Bido Lito! February 2015
LOST AND Lost Brothers
FOUND
The Liverpool of The
Words: Sam Turner / @SamTurner1984
“On the last night of recording our new album, Oisin and I took
a late-night stroll around some of the old places. Walking past
Elevator Studios, we stopped and stood outside. This is where I
recorded my first record with The Basement, under the production
of Ian Broudie. Around the corner was the rehearsal rooms – a
massive building with fifty-odd rooms, all filled with bands playing
into the night. We stood outside and looked up at our old rooms,
mine with The Basement and Oisin's with The 747s.
I spent so many hours, days, weeks, months and years up in that
room.
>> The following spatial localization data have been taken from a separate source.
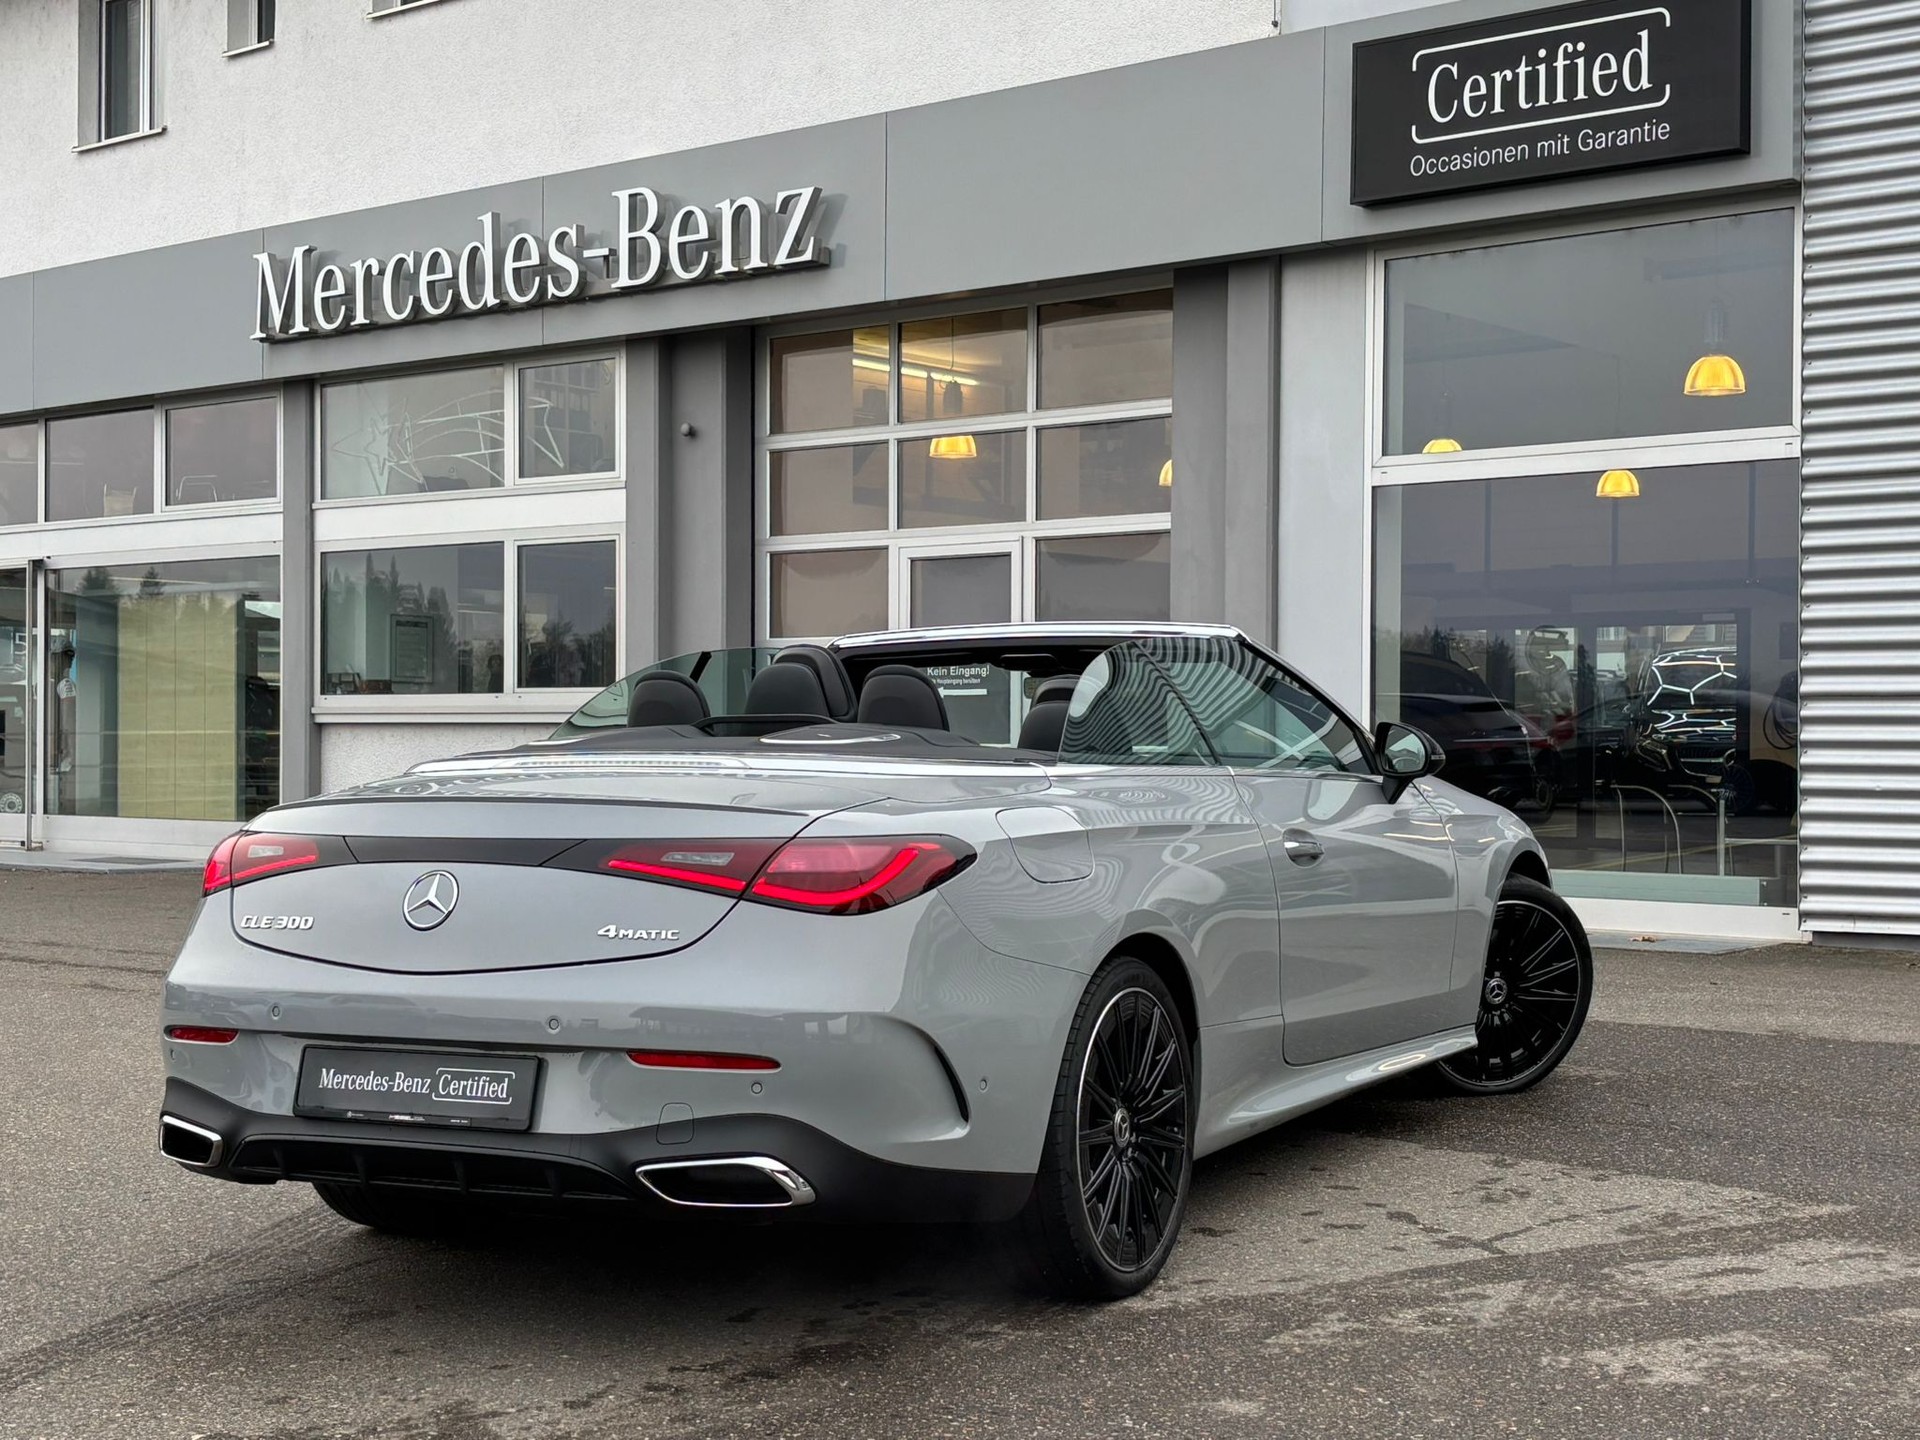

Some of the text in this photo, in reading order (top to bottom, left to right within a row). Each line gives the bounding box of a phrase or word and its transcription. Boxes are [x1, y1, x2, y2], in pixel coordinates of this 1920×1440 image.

[1427, 28, 1653, 125] Certified
[1410, 118, 1671, 177] Occasionen mit Garantie
[250, 186, 826, 342] Mercedes-Benz
[927, 665, 990, 678] Kein Eingang!
[240, 915, 315, 931] CLE 300
[597, 924, 680, 941] 4MATIC
[318, 1068, 509, 1098] Mercedes-Benz Certified
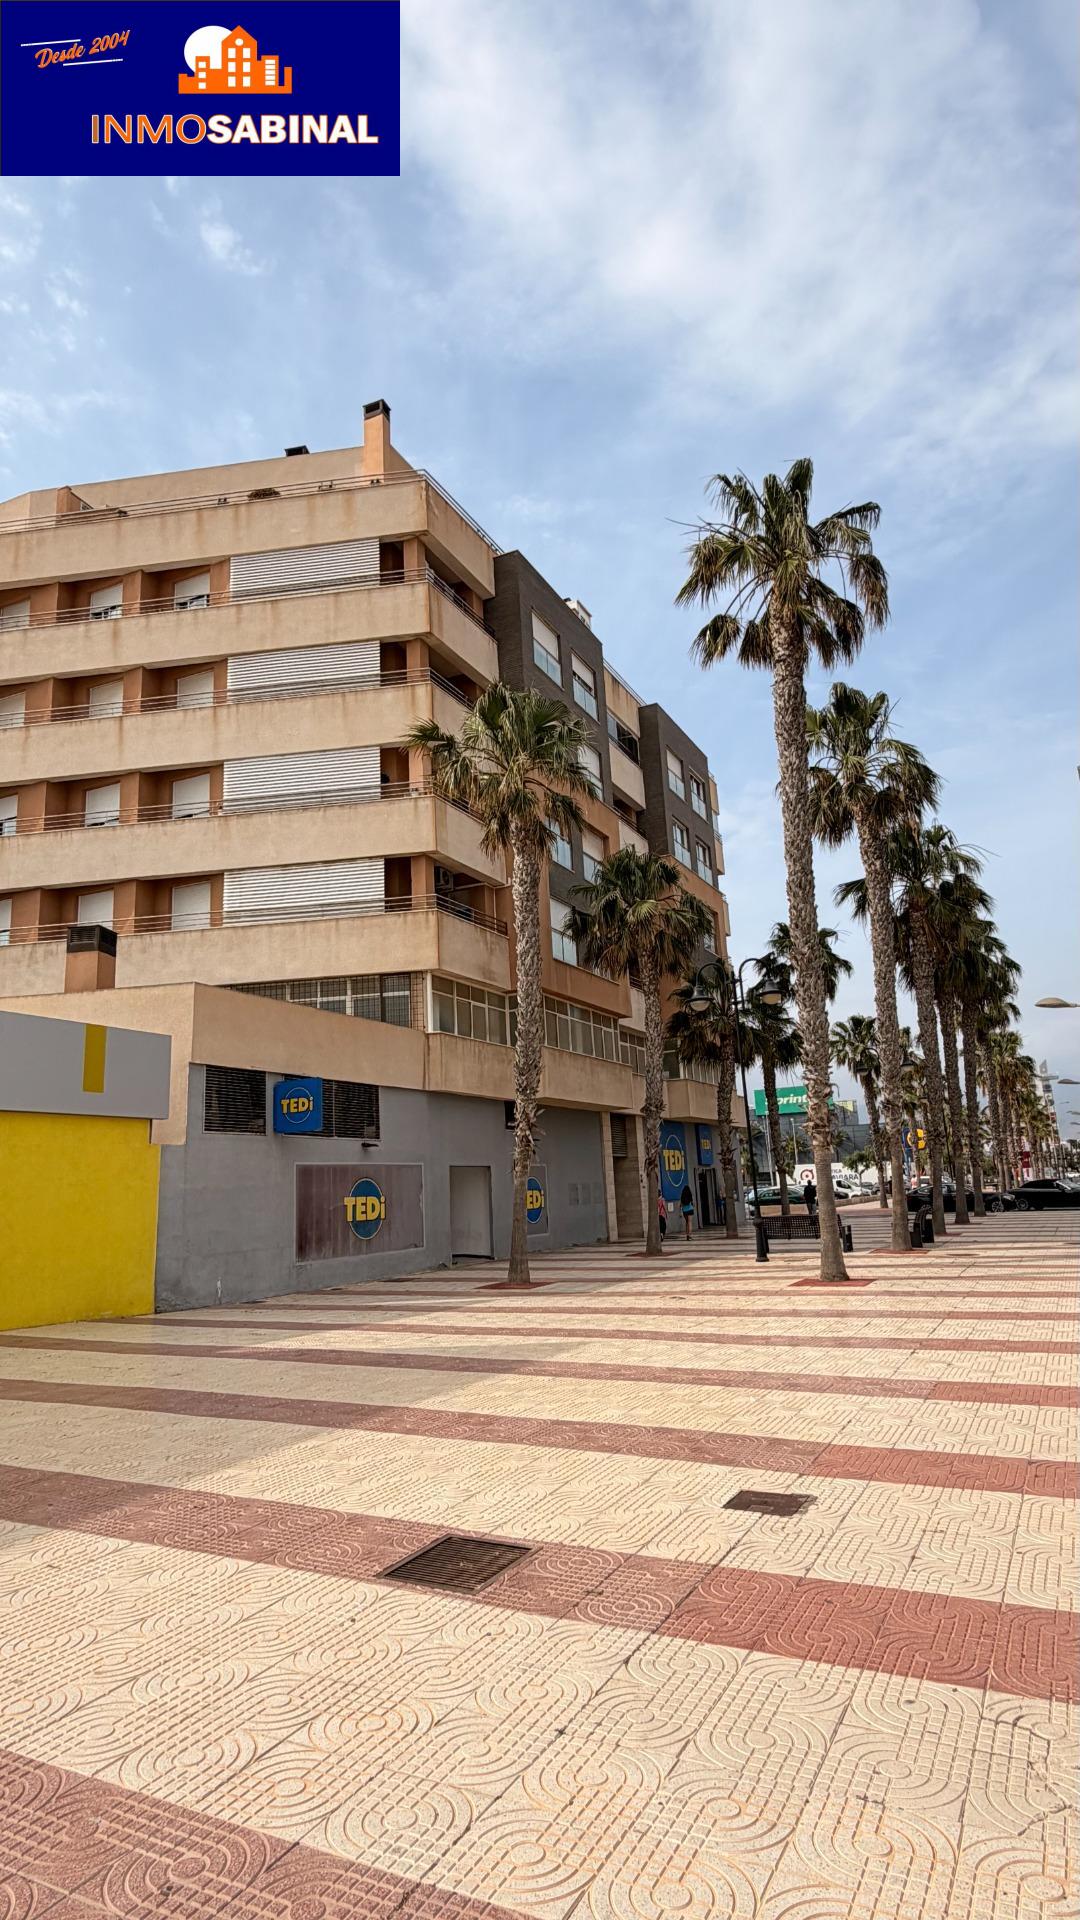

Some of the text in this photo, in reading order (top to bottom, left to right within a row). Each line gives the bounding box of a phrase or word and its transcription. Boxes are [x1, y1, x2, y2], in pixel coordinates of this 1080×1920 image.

[280, 1096, 314, 1114] TEDi
[662, 1149, 686, 1171] TEDi
[343, 1195, 386, 1222] TEDi
[522, 1183, 545, 1210] EDi
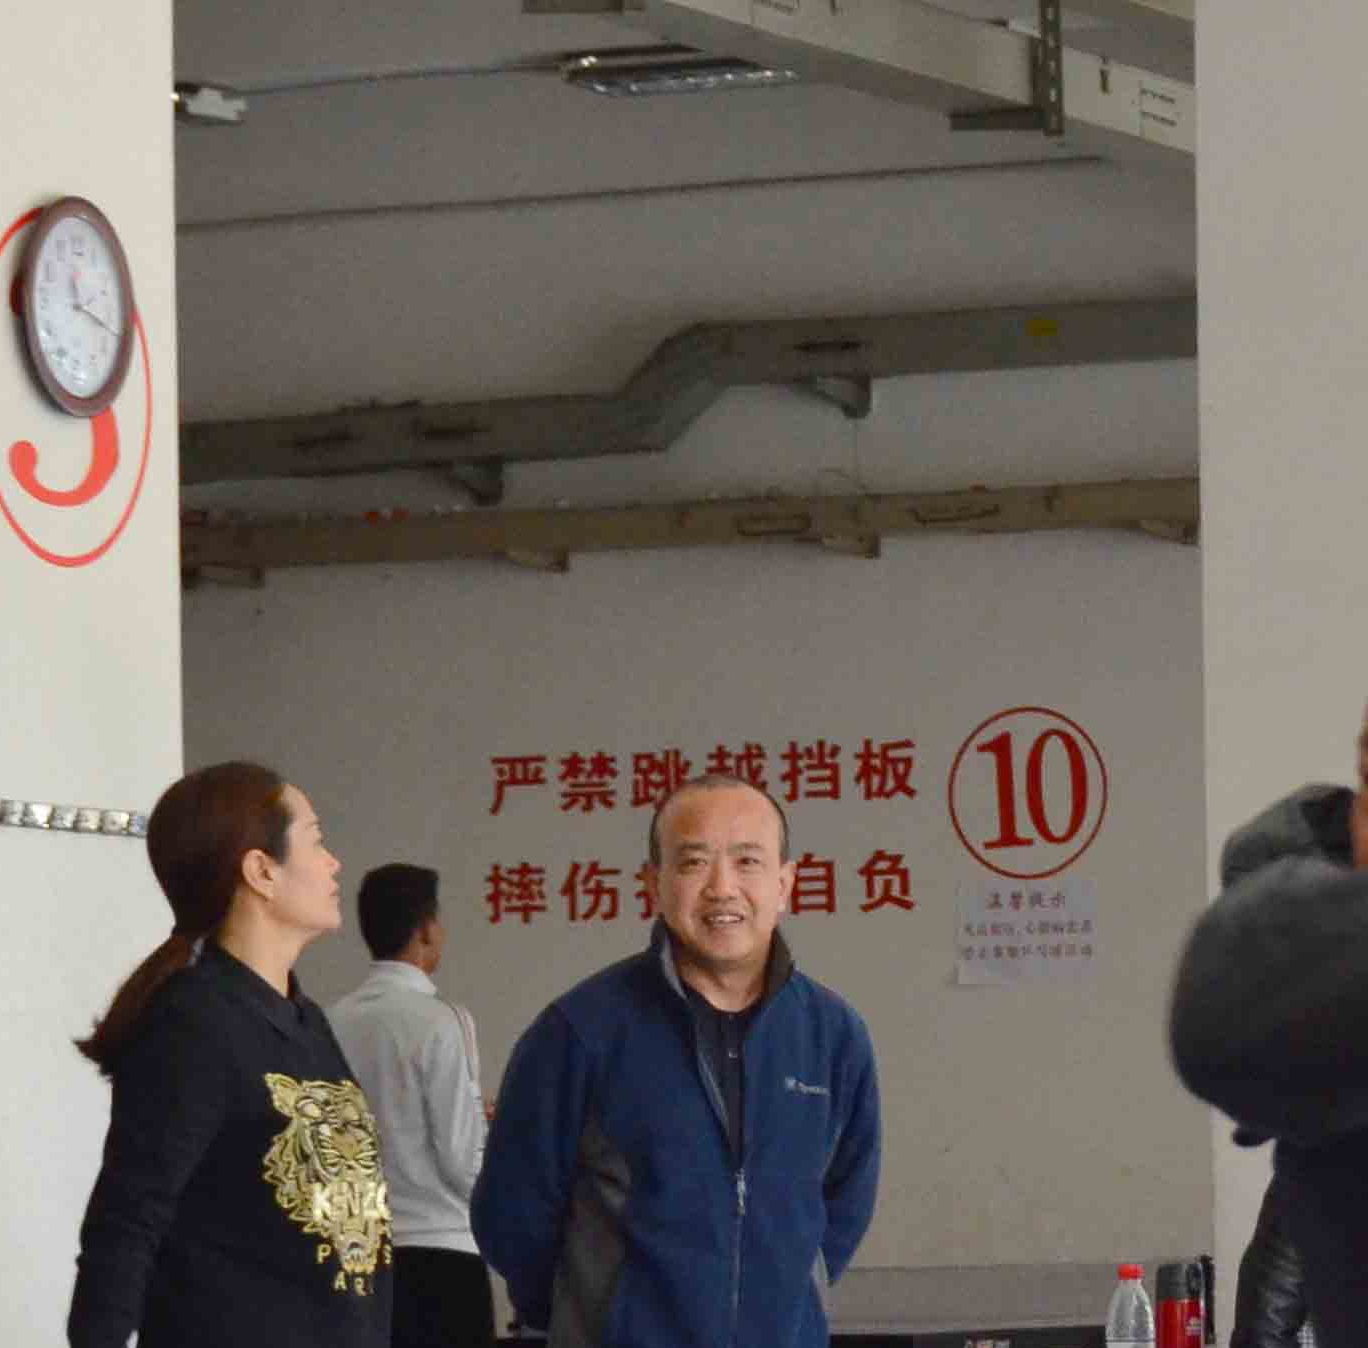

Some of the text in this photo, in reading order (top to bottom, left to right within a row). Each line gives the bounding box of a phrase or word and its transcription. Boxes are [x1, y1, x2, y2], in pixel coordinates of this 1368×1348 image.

[489, 739, 917, 815] 严禁跳越挡板
[976, 728, 1089, 850] 10
[486, 850, 916, 923] 摔伤自负
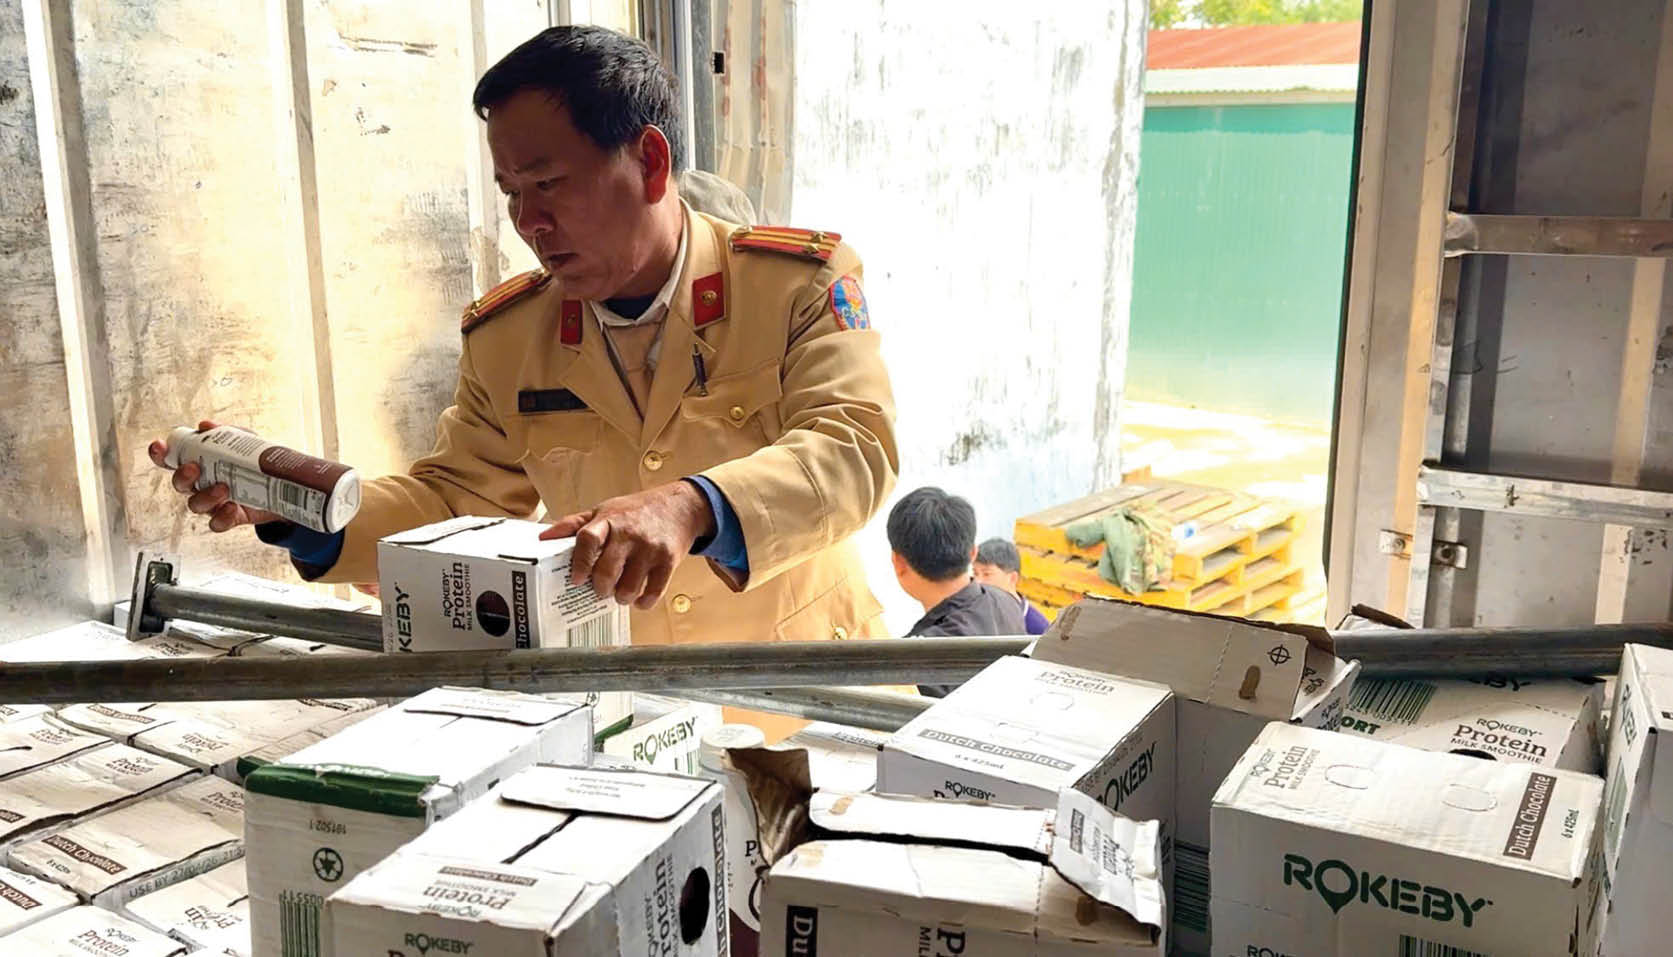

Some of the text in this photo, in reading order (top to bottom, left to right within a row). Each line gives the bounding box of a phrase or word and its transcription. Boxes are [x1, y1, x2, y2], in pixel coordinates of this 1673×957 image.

[450, 562, 466, 631] Protein
[395, 586, 412, 652] KEBY
[1040, 671, 1114, 692] Protein
[633, 715, 696, 765] ROKEBY
[1341, 716, 1380, 735] ORT
[1453, 724, 1547, 757] Protein
[1476, 718, 1538, 737] ROKEBY
[926, 730, 1069, 769] Dutch Chocolate
[1450, 738, 1543, 764] MILK SMOOTHIE
[1263, 745, 1308, 789] Protein
[944, 780, 992, 800] ROKEBY
[1508, 776, 1550, 856] Dutch Chocolate
[129, 882, 152, 898] USE
[154, 875, 168, 889] BY
[713, 810, 726, 932] Chocolate
[423, 886, 512, 910] Protein
[1283, 853, 1487, 928] ROKEBY
[654, 858, 671, 957] rotein
[78, 930, 129, 957] Protein
[405, 932, 473, 955] ROKEBY
[919, 926, 931, 957] MIL
I even lived up there in a period of desperate hopelessness.
We stood listening to the beautiful racket of a hundred songs
falling onto the street until someone exited the building, leaving
the door ajar and we ran inside. The place still smelled the same
– a mixture of urine, metal and weed. Knowing the perils of the
dreaded lift, we opted to take the stairs to the fifth floor.
Back when we practised there, those stairwells echoed with
the sounds of The Coral, The Zutons, The Bandits, The Stands, The
Little Flames, The Cubical, etc. Now they sing with a new song.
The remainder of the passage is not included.